##### Entries shown

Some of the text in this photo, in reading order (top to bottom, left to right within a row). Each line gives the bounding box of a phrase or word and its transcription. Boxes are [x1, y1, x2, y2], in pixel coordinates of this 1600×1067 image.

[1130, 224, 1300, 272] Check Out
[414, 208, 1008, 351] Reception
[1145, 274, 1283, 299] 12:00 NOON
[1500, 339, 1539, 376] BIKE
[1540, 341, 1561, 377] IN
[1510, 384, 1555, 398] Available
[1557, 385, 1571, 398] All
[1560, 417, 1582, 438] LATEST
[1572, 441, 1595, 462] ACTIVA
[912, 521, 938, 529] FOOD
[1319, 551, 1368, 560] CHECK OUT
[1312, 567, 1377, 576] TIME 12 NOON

##########

**Your objective:** Exact copies of all the records are required.

**Result:**
Some of the text in this photo, in reading order (top to bottom, left to right within a row). Each line gives the bounding box of a phrase or word and its transcription. Boxes are [x1, y1, x2, y2], in pixel coordinates of this 1600×1067 image.

[1130, 224, 1300, 272] Check Out
[414, 208, 1008, 351] Reception
[1145, 274, 1283, 299] 12:00 NOON
[1500, 339, 1539, 376] BIKE
[1540, 341, 1561, 377] IN
[1510, 384, 1555, 398] Available
[1557, 385, 1571, 398] All
[1560, 417, 1582, 438] LATEST
[1572, 441, 1595, 462] ACTIVA
[912, 521, 938, 529] FOOD
[1319, 551, 1368, 560] CHECK OUT
[1312, 567, 1377, 576] TIME 12 NOON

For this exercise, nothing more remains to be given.